Ask HN: I'm at a crossroads, any input is appreciated - djsamson
I’m a twenty year old from upstate New York and I’m thinking about moving to San Francisco/the Bay Area. I’m a business student and I took this spring semester off to launch a startup which wasn’t very successful. I dropped that idea and tried to land an internship in the Bay Area this summer but I haven’t heard back from any of the three I applied to.<p>I’m learning to program but I don’t think I would be a good hacker intern because I don’t think I’m that good yet. I’d be a much better business/marketing guy at a startup.<p>I’m at a crossroads in my life and I could use some advice. I know this is Hacker News, but I think a lot of people in this community are much more intelligent than some of business communities I take part in.<p>I think I’m facing two options:<p>1.) Move to the Bay Area and try to find a business dev/marketing job at a startup. If I can’t I’ll work anywhere to make ends meet while I try to launch a startup of my own. I’ve been told the Bay Area is rich in entrepreneurship; upstate New York is probably the least entrepreneurial place in the country. I want to be around like minded people.<p>2.) My other option is to go back to school in the Fall. If I do this, I’m going to have to work to get through it. My plan would be to take a real estate course this summer and then start working as a commercial real estate agent while I’m at school. My biggest concerns with this are that I really don’t have any interest in real estate, I would be doing it just for the money and between school and real estate I wouldn’t have much time for a startup. And even if I have a successful stint in real estate I would never want to become complacent and make a career out of it, which basically just makes this a means to an end portion of my life.<p>Staying in school and doing real estate is a lot safer, but moving to the Bay Area would be a direct way to accomplish my goals. Do you have any advice?<p>Thank you for your time.
======
triviatise
Real estate is not safe. It is just as hard as starting your own company
because it is starting your own company. To be successful you will need to
sleep, eat and breathe it.

If you have no experience and no equivalent to a portfolio of personal
projects, I'm not sure why anyone would hire you to do marketing.
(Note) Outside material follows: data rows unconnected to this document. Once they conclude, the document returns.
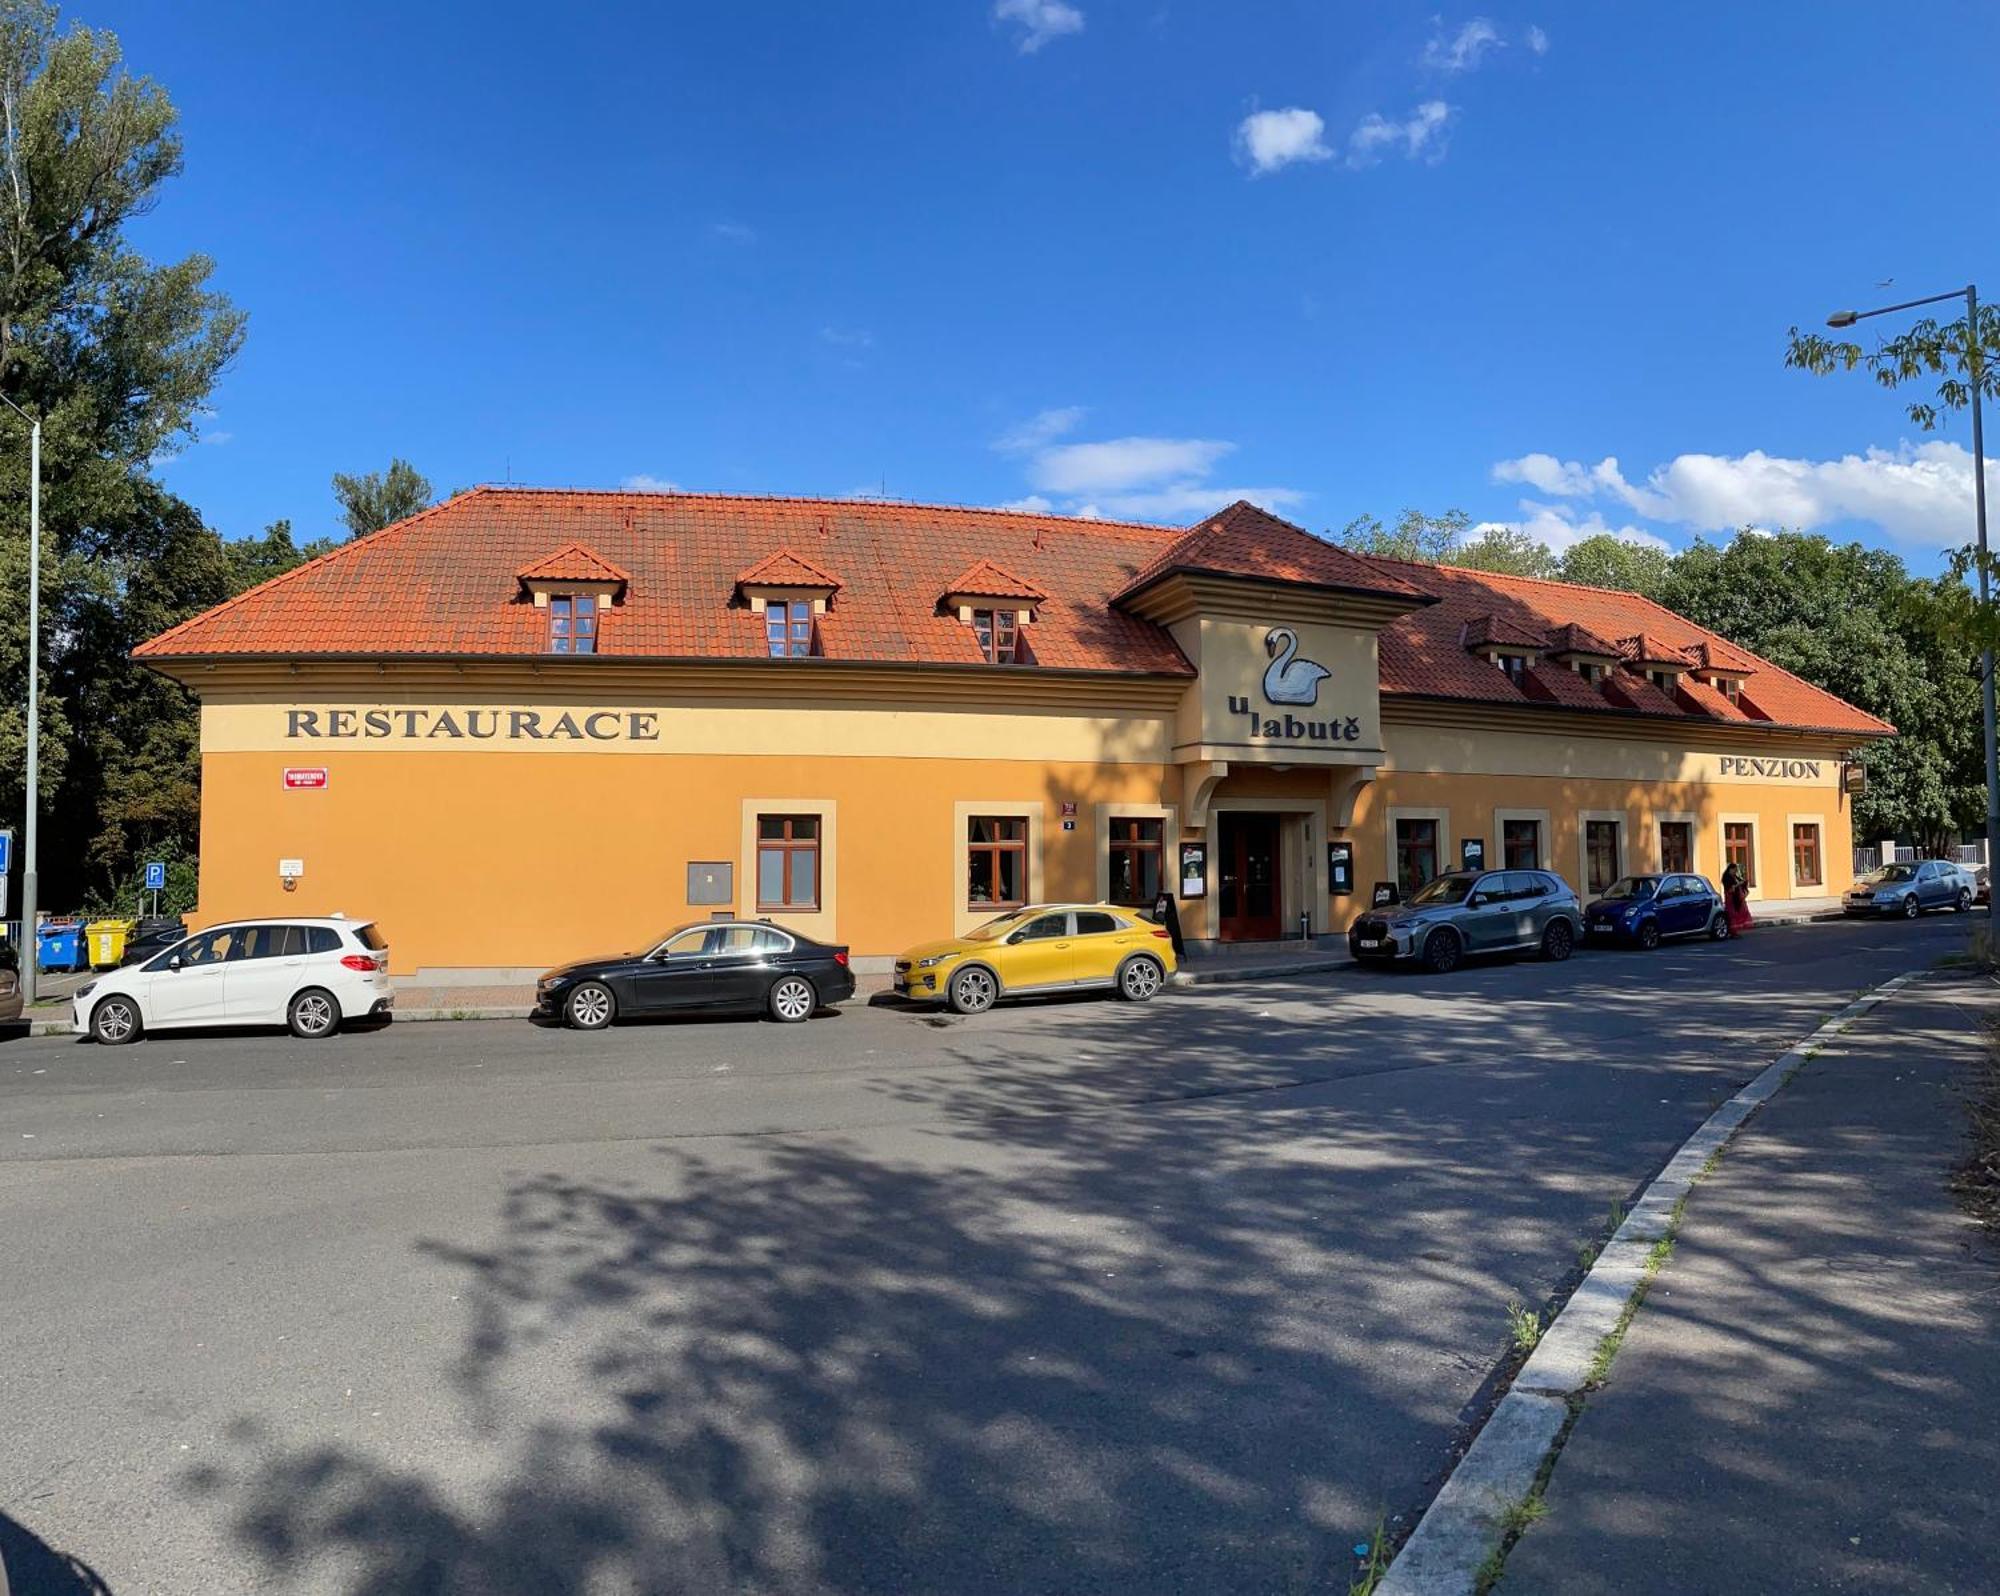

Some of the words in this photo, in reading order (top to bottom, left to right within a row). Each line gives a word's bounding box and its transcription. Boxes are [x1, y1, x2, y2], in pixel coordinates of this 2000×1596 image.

[284, 709, 660, 740] RESTAURACE
[1228, 695, 1249, 715] u
[1250, 711, 1361, 741] labutě
[1719, 757, 1820, 779] PENZION
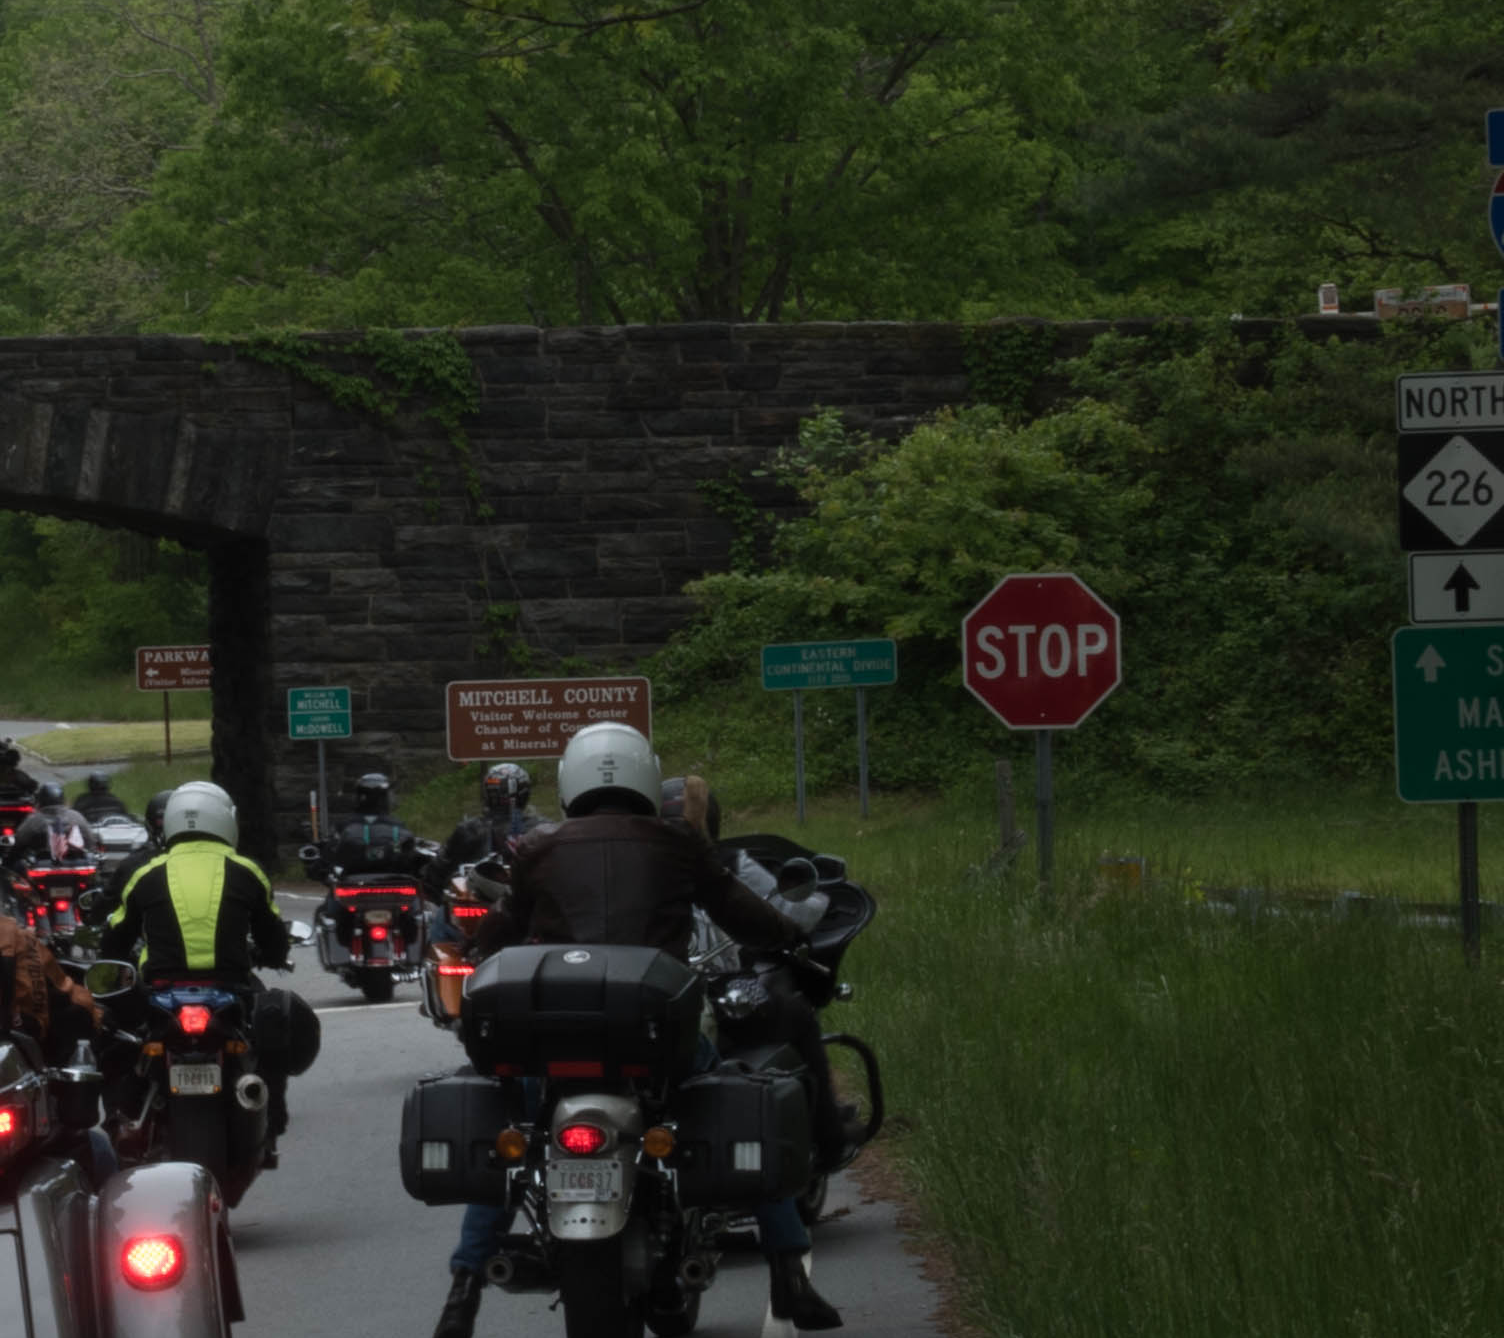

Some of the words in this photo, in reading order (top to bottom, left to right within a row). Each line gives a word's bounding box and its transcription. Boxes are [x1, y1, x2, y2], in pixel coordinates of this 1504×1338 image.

[1426, 469, 1494, 506] 226
[144, 649, 209, 663] PARKWA
[800, 645, 857, 660] EASTERN
[975, 622, 1109, 680] STOP
[766, 661, 846, 676] CONTINENTAL
[852, 657, 892, 672] DIVIDE
[458, 689, 553, 707] MITCHELL
[563, 685, 639, 703] COUNTY
[470, 709, 514, 722] Visitor
[522, 708, 580, 721] Welcome
[587, 708, 629, 720] Center
[474, 723, 530, 736] Chamber
[538, 723, 552, 734] of
[503, 738, 560, 750] Minerals
Paul Graham says the key factor he is looking for is determination - you have
had one "failure" and you are letting that completely derail you.
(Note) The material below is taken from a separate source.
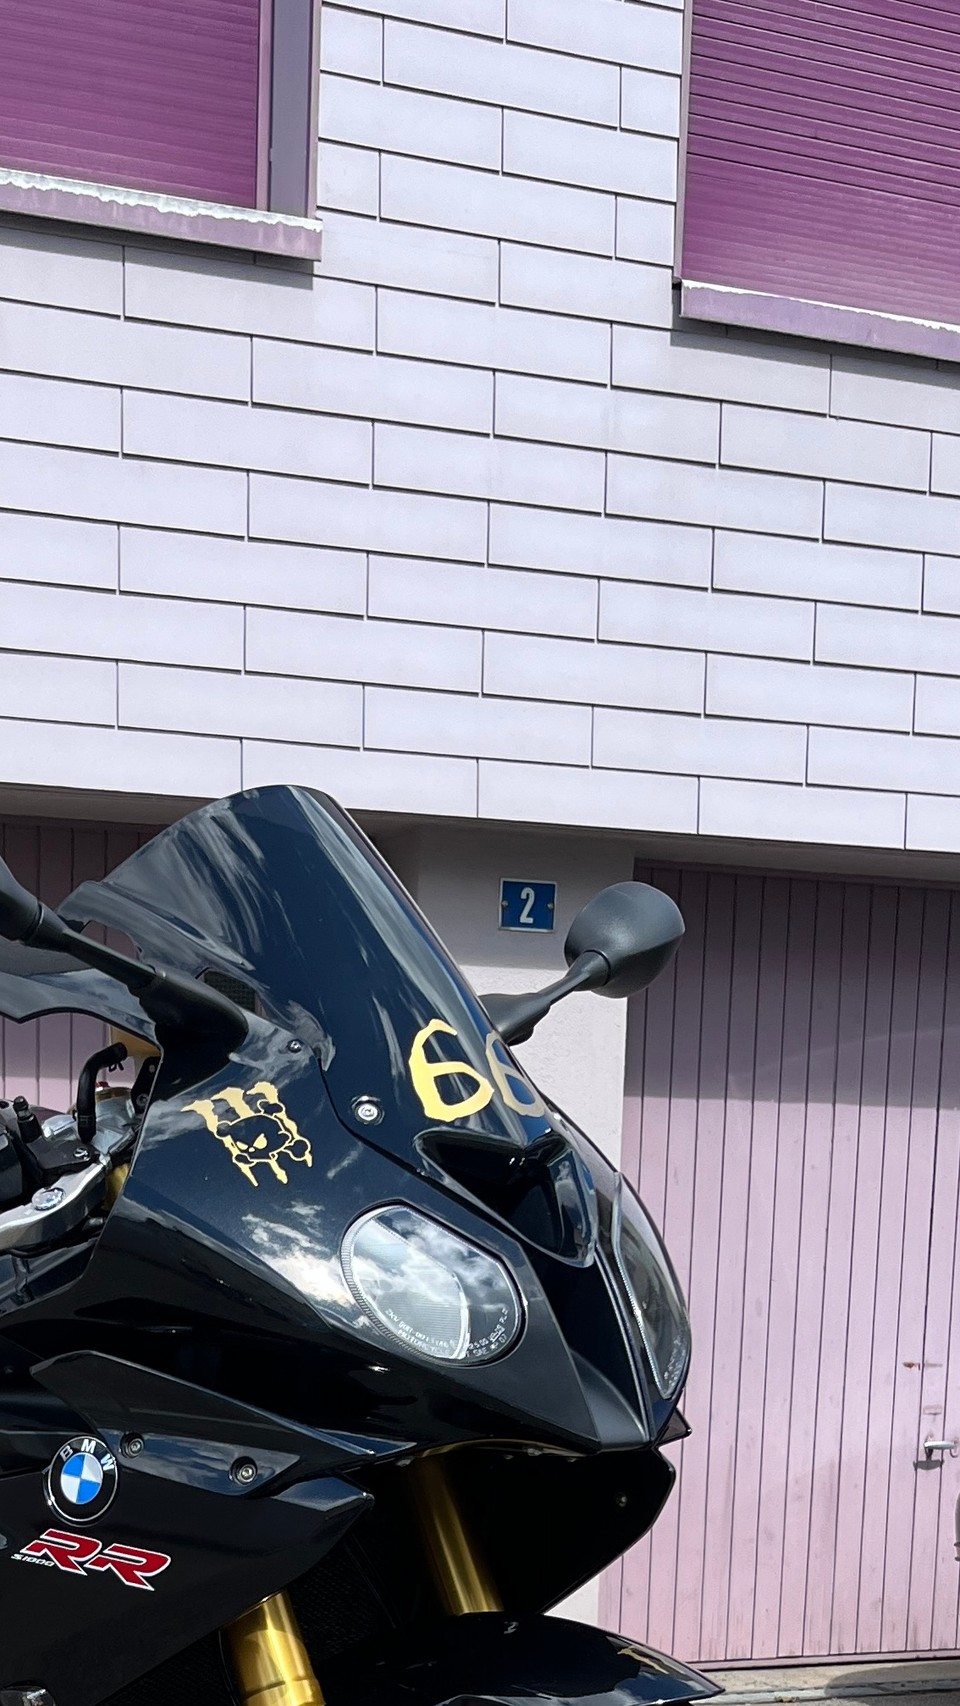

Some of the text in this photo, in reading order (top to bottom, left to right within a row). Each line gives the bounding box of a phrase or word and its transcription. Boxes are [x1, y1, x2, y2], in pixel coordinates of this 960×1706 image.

[519, 887, 536, 924] 2
[60, 1438, 116, 1472] BMW
[11, 1528, 171, 1591] S1000 RR
You can be a semi competent programmer that people will pay you money for in
3-6 months if you focus on a single area of expertise. Build a portfolio of
personal projects ( should be reasonably quick to do). Those personal projects
can be the minimum viable product for a potential startup but can also prove
your ability to build things to get contract jobs to pay the bills.

------
rhizome
You aren't good at business, you're not getting internships and you're just
learning to program. Stay in school.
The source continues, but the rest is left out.